Air Canada’s Nasr says it has seen a significant improvement in the effectiveness of its marketing approach from using the Persado AI engine to draft copy, particularly because of this flexibility to personalize the message.

“We’ve done a series of tests on different products and we’re starting to roll out other technology on a broader basis.

“What’s really important is that, at the end of the day, you can use tools to ensure that more customers engage with your marketing, but you still need to provide value. You still need to make sure that when customers click through from that email or banner or tile, that they are arriving on a well-designed and intuitive digital experience.

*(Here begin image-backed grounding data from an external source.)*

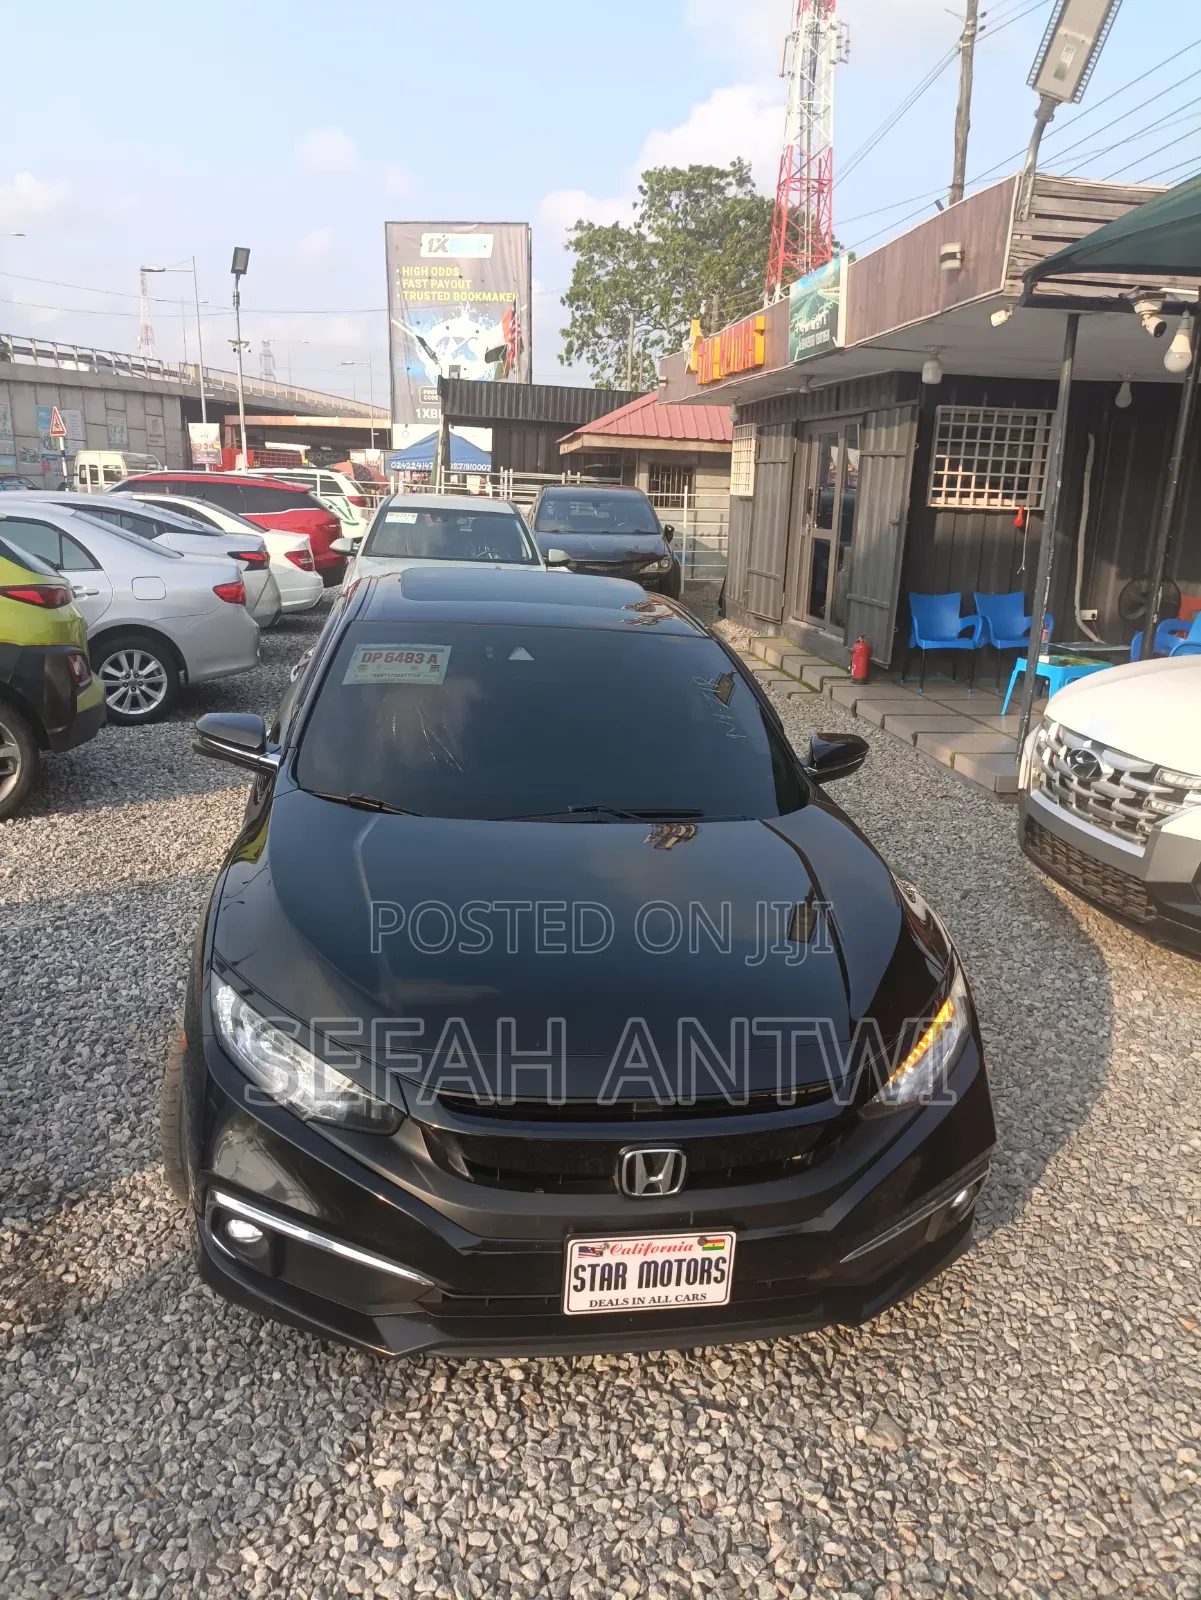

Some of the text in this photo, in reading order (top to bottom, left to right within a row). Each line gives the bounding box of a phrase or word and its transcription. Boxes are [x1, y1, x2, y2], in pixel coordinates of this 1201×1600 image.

[402, 266, 461, 277] HIGH ODDS
[402, 279, 473, 289] FAST PAYOUT
[402, 291, 451, 301] TRUSTED
[361, 652, 438, 665] DP 6483 A
[609, 1241, 694, 1257] California
[572, 1256, 728, 1293] STAR MOTORS
[588, 1292, 708, 1308] DEALS IN ALL CARS

“Persado is one part of the picture—a very important part—but if you’re not offering the right product, if it’s not priced correctly, or if the transaction has friction, you’re still not going to be able to close the deal. [Persado is] one part of the overall conversion funnel.”

But beyond the word-smithing engine, it’s the accompanying analytics of Persado that deliver added value to Air Canada, Nasr says.

“We’re transforming—like many retailing and consumer brands—and becoming an analytics driven organization on the marketing side. For us, it’s a prerequisite now, whenever we’re considering a partner or we’re going to test out a new partnership, that the results and the decisions are driven by analysis.

“That’s in the DNA of Persado. In many ways, it not a traditional marketing company. It’s really a next generation marketing company where analysis is at the core of what they do.”

From mobile first to voice

For Air Canada, part of the refinement of the conversion funnel, and of engaging CRM, is a prioritization of mobile which is in high demand by customers. This in turn means a prioritization of voice queries and chatbots.

Nasr explains:

“It’s changing very quickly. Canada is a very tech savvy country and our base of flyers, especially our most frequent flyers tend to be particularly sophisticated travelers. Technology is a way of life for them; especially our most frequent flyers and elite members, because they are on the road so often. I couldn’t tell you if we over index compared to our competitors or other industries in the country, but I would bet it is the case.

“Our customers are interacting via mobile and we see that trajectory across the board, no matter what the activity is.

More and more, we believe that we’ll see the same thing happen with voice and chat. If you think about it, once activity moves to mobile it becomes a question of what’s the quickest way of doing something on a mobile device. Voice is an especially effective input with a mobile device. If you’re on-the-go, you only have one hand free, or your in the car and you need to be focused on the road and safety in driving, so mobile and voice go closely together..two peas in a pod.”

AI Going Forward

Air Canada believes AI is now an integral part of improving operations both in the back-end and customer-facing. Nasr says:

“The question is: can the AI and other technologies be used to make it easier and better for our people to deliver service? This is not a matter of replacement as much for us as it is a matter of augmentation and enhancement on the customer service side. Customers will choose whether they want self-service or not. That’s ultimately the customer’s choice. But we will always, at least for the foreseeable future provide ground service and inflight service with our people, and we just want to make it easier for them to do it.”